▸ **WHAT YOU WILL DO**: This task is to restate all of the entries exactly.
....................
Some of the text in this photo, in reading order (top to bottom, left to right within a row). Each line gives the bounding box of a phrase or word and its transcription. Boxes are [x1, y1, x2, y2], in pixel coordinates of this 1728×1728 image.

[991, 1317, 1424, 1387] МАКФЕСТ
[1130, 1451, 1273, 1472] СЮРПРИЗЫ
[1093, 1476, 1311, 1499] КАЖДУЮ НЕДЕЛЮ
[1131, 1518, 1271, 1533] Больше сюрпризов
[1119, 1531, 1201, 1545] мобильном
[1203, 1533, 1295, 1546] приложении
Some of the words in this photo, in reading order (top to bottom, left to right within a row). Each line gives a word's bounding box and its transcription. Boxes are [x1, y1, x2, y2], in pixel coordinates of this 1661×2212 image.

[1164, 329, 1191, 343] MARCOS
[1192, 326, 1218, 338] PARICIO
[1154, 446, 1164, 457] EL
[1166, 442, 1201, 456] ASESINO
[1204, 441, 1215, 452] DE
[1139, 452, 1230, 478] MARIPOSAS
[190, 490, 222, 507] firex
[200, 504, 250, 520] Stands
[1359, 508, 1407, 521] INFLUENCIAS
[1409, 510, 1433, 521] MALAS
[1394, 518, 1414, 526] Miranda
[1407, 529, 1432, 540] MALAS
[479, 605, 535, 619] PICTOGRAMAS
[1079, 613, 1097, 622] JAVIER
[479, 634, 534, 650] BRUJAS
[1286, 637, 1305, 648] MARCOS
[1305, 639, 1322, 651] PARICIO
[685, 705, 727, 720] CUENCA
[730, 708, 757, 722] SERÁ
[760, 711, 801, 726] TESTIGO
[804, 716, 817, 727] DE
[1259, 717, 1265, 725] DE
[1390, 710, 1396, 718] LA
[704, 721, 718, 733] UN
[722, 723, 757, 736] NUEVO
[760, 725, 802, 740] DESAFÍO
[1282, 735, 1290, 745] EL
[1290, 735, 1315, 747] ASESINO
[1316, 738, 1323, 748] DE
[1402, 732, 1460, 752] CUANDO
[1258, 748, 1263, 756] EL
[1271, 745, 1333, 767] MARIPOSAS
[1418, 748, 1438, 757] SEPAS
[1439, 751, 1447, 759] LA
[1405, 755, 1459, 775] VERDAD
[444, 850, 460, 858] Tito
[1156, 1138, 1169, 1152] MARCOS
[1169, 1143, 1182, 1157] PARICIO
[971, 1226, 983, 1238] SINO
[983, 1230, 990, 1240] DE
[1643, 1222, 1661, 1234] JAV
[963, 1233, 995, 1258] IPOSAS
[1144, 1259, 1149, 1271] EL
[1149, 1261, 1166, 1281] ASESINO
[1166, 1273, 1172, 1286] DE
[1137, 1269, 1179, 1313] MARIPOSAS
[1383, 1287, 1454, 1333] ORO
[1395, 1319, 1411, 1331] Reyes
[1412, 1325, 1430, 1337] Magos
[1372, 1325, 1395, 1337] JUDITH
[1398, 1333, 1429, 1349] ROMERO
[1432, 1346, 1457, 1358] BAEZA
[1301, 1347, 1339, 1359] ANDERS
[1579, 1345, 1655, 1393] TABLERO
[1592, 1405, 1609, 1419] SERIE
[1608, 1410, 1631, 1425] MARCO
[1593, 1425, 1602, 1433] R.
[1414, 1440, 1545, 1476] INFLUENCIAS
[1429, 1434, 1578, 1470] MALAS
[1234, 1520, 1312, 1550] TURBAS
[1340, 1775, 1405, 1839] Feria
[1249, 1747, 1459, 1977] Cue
....................
▸ **ANSWER BOX**:
Some of the text in this photo, in reading order (top to bottom, left to right within a row). Each line gives the bounding box of a phrase or word and its transcription. Boxes are [x1, y1, x2, y2], in pixel coordinates of this 1728×1728 image.

[991, 1317, 1424, 1387] МАКФЕСТ
[1130, 1451, 1273, 1472] СЮРПРИЗЫ
[1093, 1476, 1311, 1499] КАЖДУЮ НЕДЕЛЮ
[1131, 1518, 1271, 1533] Больше сюрпризов
[1119, 1531, 1201, 1545] мобильном
[1203, 1533, 1295, 1546] приложении
Some of the words in this photo, in reading order (top to bottom, left to right within a row). Each line gives a word's bounding box and its transcription. Boxes are [x1, y1, x2, y2], in pixel coordinates of this 1661×2212 image.

[1164, 329, 1191, 343] MARCOS
[1192, 326, 1218, 338] PARICIO
[1154, 446, 1164, 457] EL
[1166, 442, 1201, 456] ASESINO
[1204, 441, 1215, 452] DE
[1139, 452, 1230, 478] MARIPOSAS
[190, 490, 222, 507] firex
[200, 504, 250, 520] Stands
[1359, 508, 1407, 521] INFLUENCIAS
[1409, 510, 1433, 521] MALAS
[1394, 518, 1414, 526] Miranda
[1407, 529, 1432, 540] MALAS
[479, 605, 535, 619] PICTOGRAMAS
[1079, 613, 1097, 622] JAVIER
[479, 634, 534, 650] BRUJAS
[1286, 637, 1305, 648] MARCOS
[1305, 639, 1322, 651] PARICIO
[685, 705, 727, 720] CUENCA
[730, 708, 757, 722] SERÁ
[760, 711, 801, 726] TESTIGO
[804, 716, 817, 727] DE
[1259, 717, 1265, 725] DE
[1390, 710, 1396, 718] LA
[704, 721, 718, 733] UN
[722, 723, 757, 736] NUEVO
[760, 725, 802, 740] DESAFÍO
[1282, 735, 1290, 745] EL
[1290, 735, 1315, 747] ASESINO
[1316, 738, 1323, 748] DE
[1402, 732, 1460, 752] CUANDO
[1258, 748, 1263, 756] EL
[1271, 745, 1333, 767] MARIPOSAS
[1418, 748, 1438, 757] SEPAS
[1439, 751, 1447, 759] LA
[1405, 755, 1459, 775] VERDAD
[444, 850, 460, 858] Tito
[1156, 1138, 1169, 1152] MARCOS
[1169, 1143, 1182, 1157] PARICIO
[971, 1226, 983, 1238] SINO
[983, 1230, 990, 1240] DE
[1643, 1222, 1661, 1234] JAV
[963, 1233, 995, 1258] IPOSAS
[1144, 1259, 1149, 1271] EL
[1149, 1261, 1166, 1281] ASESINO
[1166, 1273, 1172, 1286] DE
[1137, 1269, 1179, 1313] MARIPOSAS
[1383, 1287, 1454, 1333] ORO
[1395, 1319, 1411, 1331] Reyes
[1412, 1325, 1430, 1337] Magos
[1372, 1325, 1395, 1337] JUDITH
[1398, 1333, 1429, 1349] ROMERO
[1432, 1346, 1457, 1358] BAEZA
[1301, 1347, 1339, 1359] ANDERS
[1579, 1345, 1655, 1393] TABLERO
[1592, 1405, 1609, 1419] SERIE
[1608, 1410, 1631, 1425] MARCO
[1593, 1425, 1602, 1433] R.
[1414, 1440, 1545, 1476] INFLUENCIAS
[1429, 1434, 1578, 1470] MALAS
[1234, 1520, 1312, 1550] TURBAS
[1340, 1775, 1405, 1839] Feria
[1249, 1747, 1459, 1977] Cue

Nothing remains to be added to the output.